Mlliyet Milliyet Blog Milliyet Blog
 
Facebook Connect
Blog Kategorileri
 

08 Temmuz '11

 
Kategori
Öykü
 

Lider kim?

Genç vali kürsüye konuşmak için davet edildiğinde ilkokula yeni başlayan bir ilköğretim okulu öğrencisi kadar heyecanlı, mutlu ve umutluydu. Bir okul açmak, bin hapishane kapatmak ile eşdeğerde idi. Bugün bir dağ köyünde okul açmaktaydılar.

Kürsüde konuşmaya başlamadan önce karşısında en güzel giysilerini giymiş, sanki bayrama, en yakın ağabey veya ablalarının düğününe gider gibi süslenmiş köylülere baktı. Genç yaşlı, kadın erkek , herkes merakla genç valiye bakmaktaydılar. Vali onlara sevgi ile bakmakta halk ise Valilerine daha büyük sevgi, hayranlık ile bakmaktaydılar.

Vali konuşmaya başlamadan önce, gururla bembeyaz duvarları, kıpkırmızı kiremitleri ile bir gelin gibi tepeye kondurulan okula baktı. Arabaların çıkmadığı bu tepeye köylüler, sırtlarında kum, çimento taşımışlar, katır sırında yuğla taşımışlar ama devletin, daha doğrusu genç valilerinin katkısı ile devlet ve millet iş birliği ile bu okulu yapmışlardı. Vali bey, bu okula bu yüzden gururla bakmaktaydı.

Okulun önündeki sıralarda köylüler, gönüllerinden koptuğu gibi açtıkları hamurları, ayranları, peynirleri dizmişlerdi. Bu yaptıkları okulda çocukları okuyacak ve cahil kalmayacaklardı.

Vali, konuşmadan önce gülümsedi.

“Hepinize çok teşekkür ediyorum, bu okulu sizler yaptınız” dedi.

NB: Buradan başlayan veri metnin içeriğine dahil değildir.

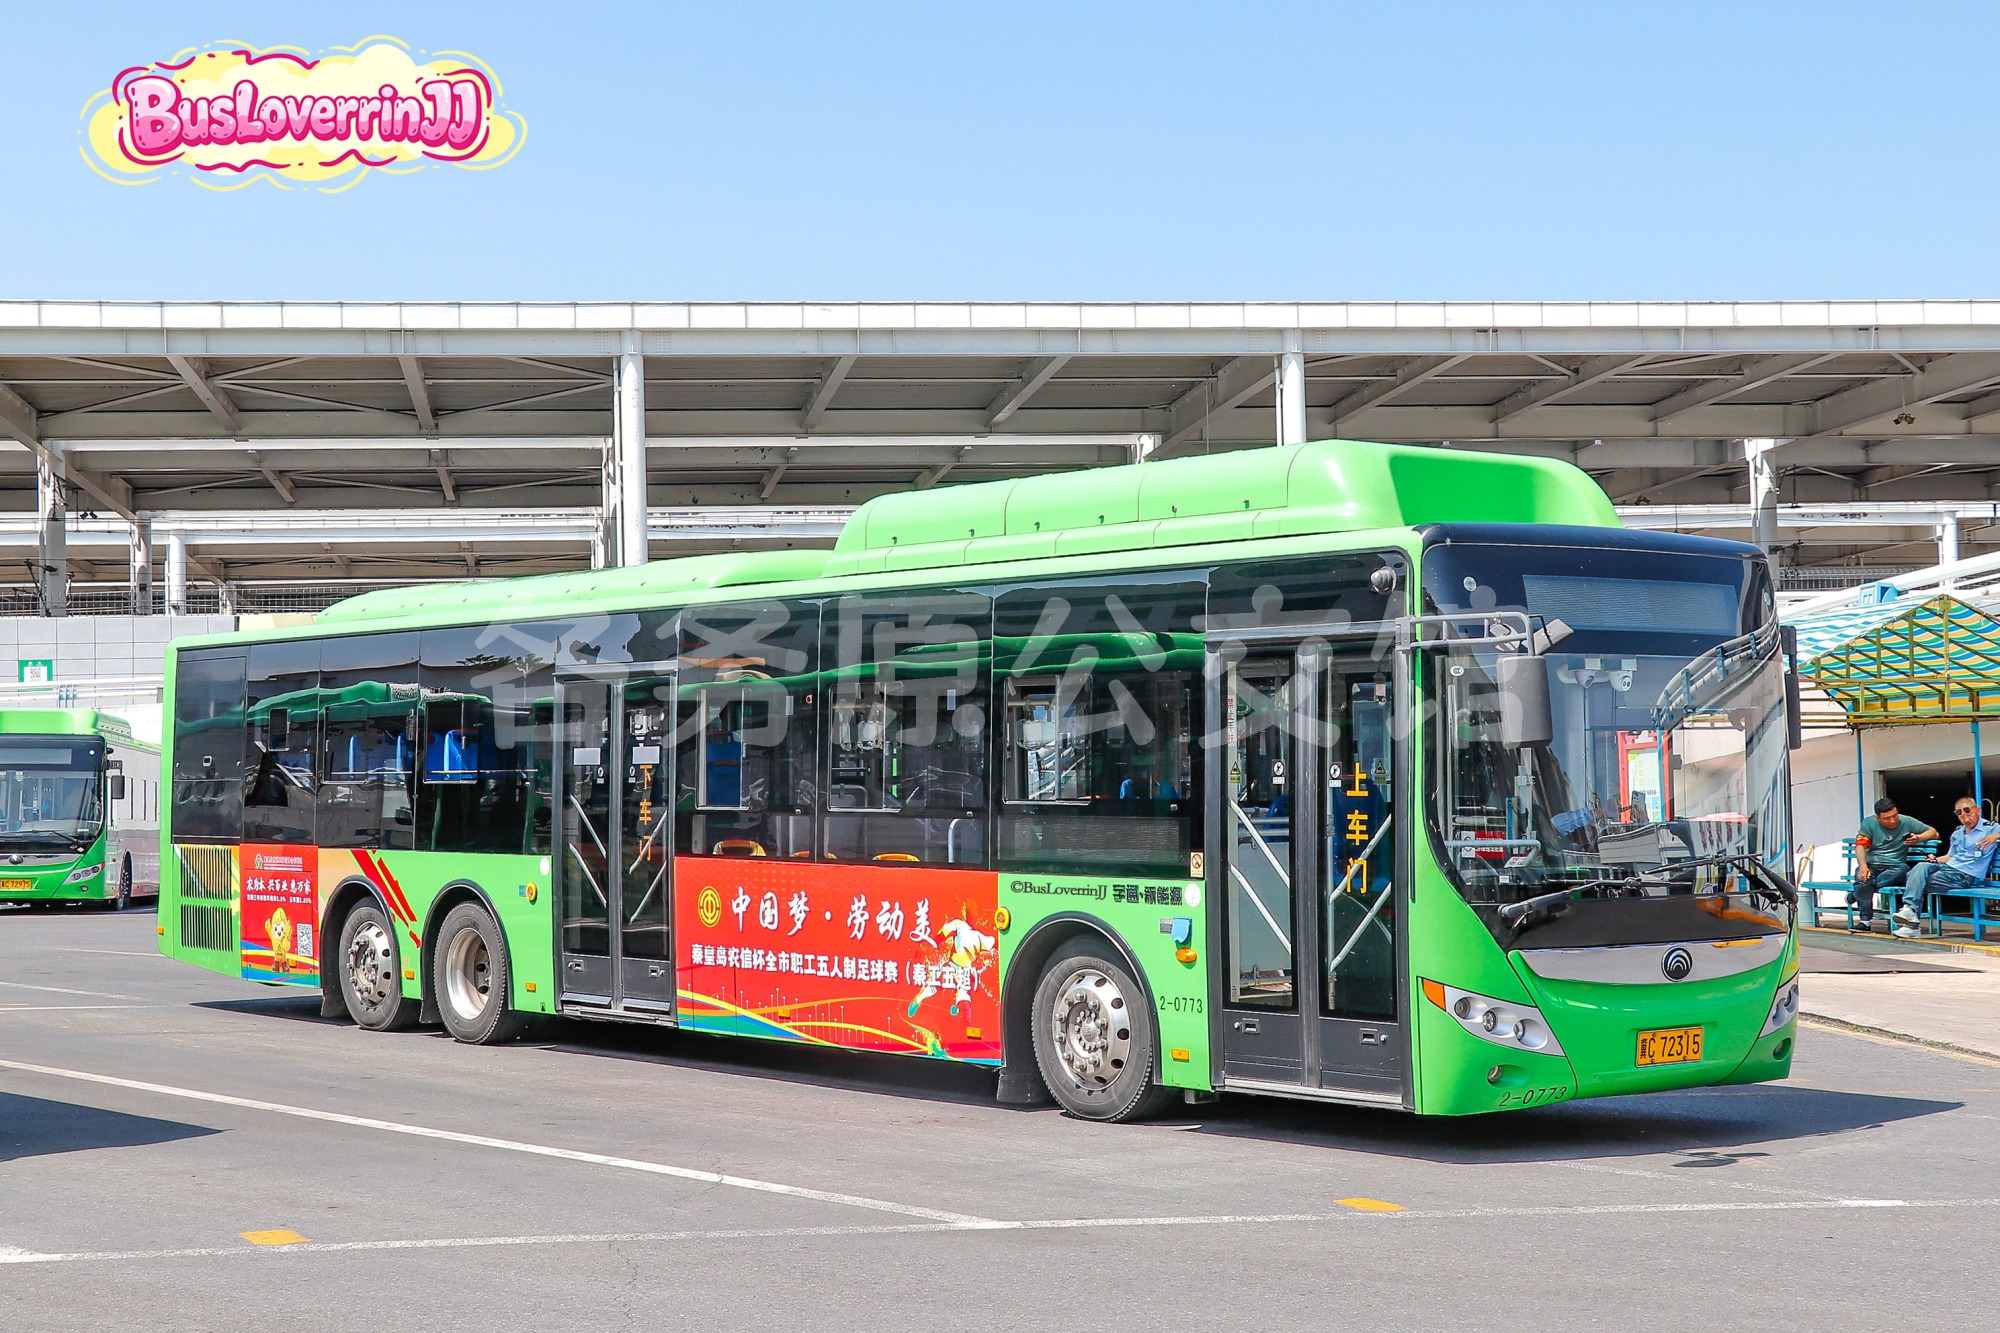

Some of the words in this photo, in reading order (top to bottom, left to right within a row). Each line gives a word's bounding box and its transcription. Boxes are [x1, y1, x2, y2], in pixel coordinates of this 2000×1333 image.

[639, 764, 653, 861] 下车门
[1346, 762, 1369, 894] 上车门
[730, 886, 939, 948] 中国梦·劳动美
[1160, 995, 1203, 1014] 2-0773
[1498, 1086, 1568, 1107] 2-0773
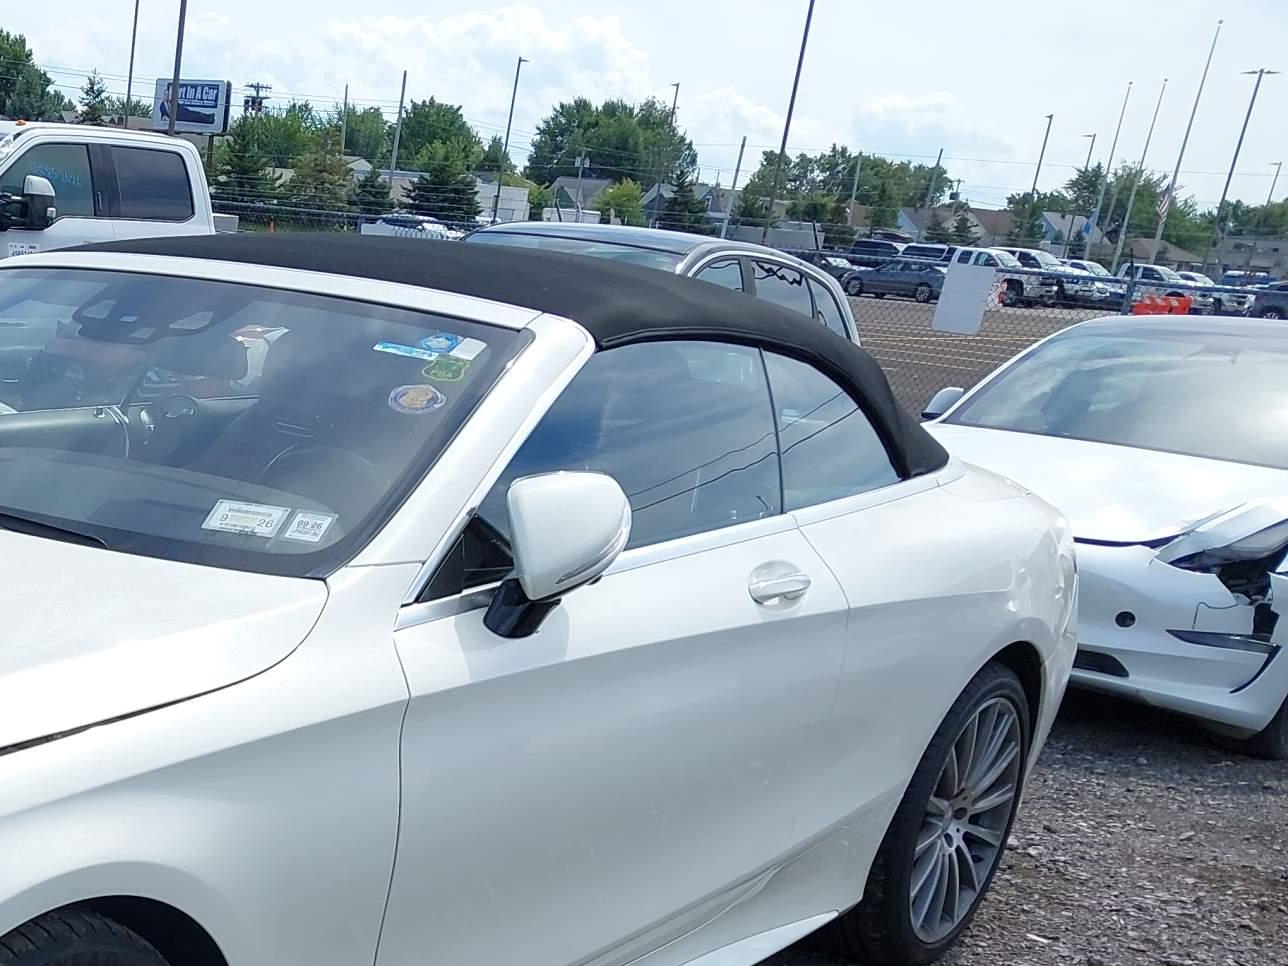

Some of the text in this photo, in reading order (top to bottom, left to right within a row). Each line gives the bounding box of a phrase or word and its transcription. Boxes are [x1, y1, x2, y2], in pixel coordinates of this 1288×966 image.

[187, 86, 195, 99] In
[196, 86, 202, 99] A
[202, 86, 218, 100] Car
[256, 518, 275, 528] 26
[310, 522, 324, 530] 26
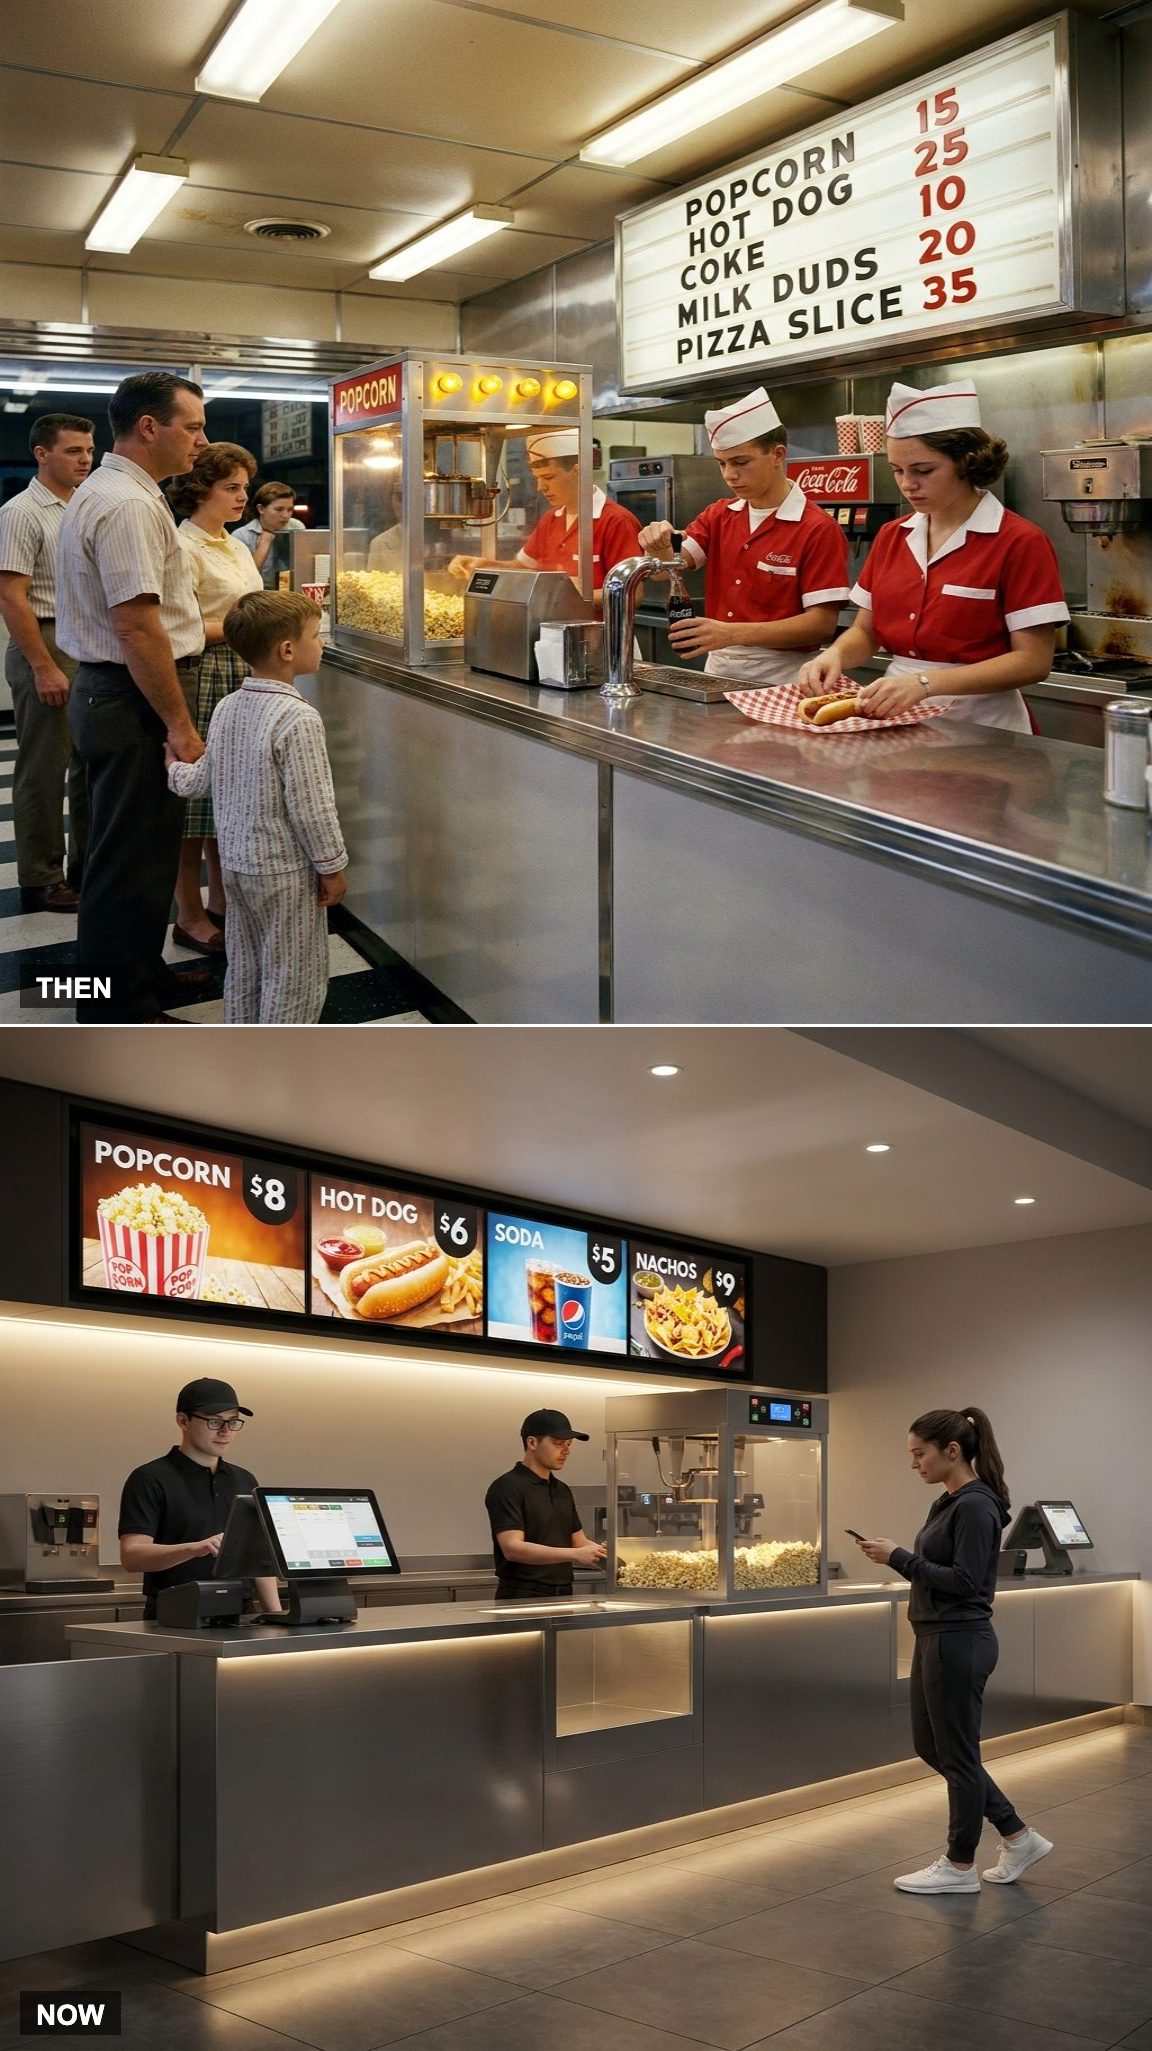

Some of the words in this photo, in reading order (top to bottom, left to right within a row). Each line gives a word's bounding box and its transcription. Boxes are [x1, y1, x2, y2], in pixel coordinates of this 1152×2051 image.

Köylülerle konuşurken çocukluğu aklına geldi. Köylerinde okul olmadığı için köylerine en yakın 5 km ötedeki köye, tahta çantası ile gidip geldiği günlere döndü. Evde babası bile yoktu. Ekmek parası kazanmak için gurbete çıkmıştı. Kendisinden küçük 3 kardeşi ile annesi onlara kol kanat geriyor, okullarında başarılı olması için gayret gösteriyordu. Vali bey bu yüzden okulsuz köyün çocuğu olmaktan, başka ile kaymakam vali olduğu zaman, gittiği ilçelerde hep okullar yapmaya, devlet ile halkı kaynaştırmaya bakmaktaydı.

Vali bey gülümseyerek, köylülere.

“ ‘ Köylü milletin efendisidir ‘ diyenler ne güzel söylemişler. Kalkınma köyden başlar. Köylerin kalkınması içinde önce oradaki çocukların güzel eğitim alması gerekir. Güzel eğitim almakta ancak sizin yaptığınız ve bugün açmakta olduğumuz okullarda olur” dedi.

Sonra kendisi ile okul açılışında bulunan kaymakamlara ve yanında kaymakamlık stajı yapan gençlere dönerek

“Sizlerde gittiğiniz yerlerde böyle okullar yapmalısınız. Burada yapılan okula, devlet 5 vermişse halk 15 vermiş. Bu kadar vermeyi seven halkımıza, bizlerde sevgimizi, ilgimizi eksik etmeyelim. Burada okuyacak gençler yarınlarda Üniversite giriş sınavlarında, lise giriş sınavlarında mutlaka illerini üst seviyeye çıkaracaklardır. Halkımızı seveni halkımız hiç unutmayacaktır . Sizde halkı unutmayın ki, onlarda sizi yıllar sonra, hatta öldükten sonra bile sevgi ile hatırlasın” dedi.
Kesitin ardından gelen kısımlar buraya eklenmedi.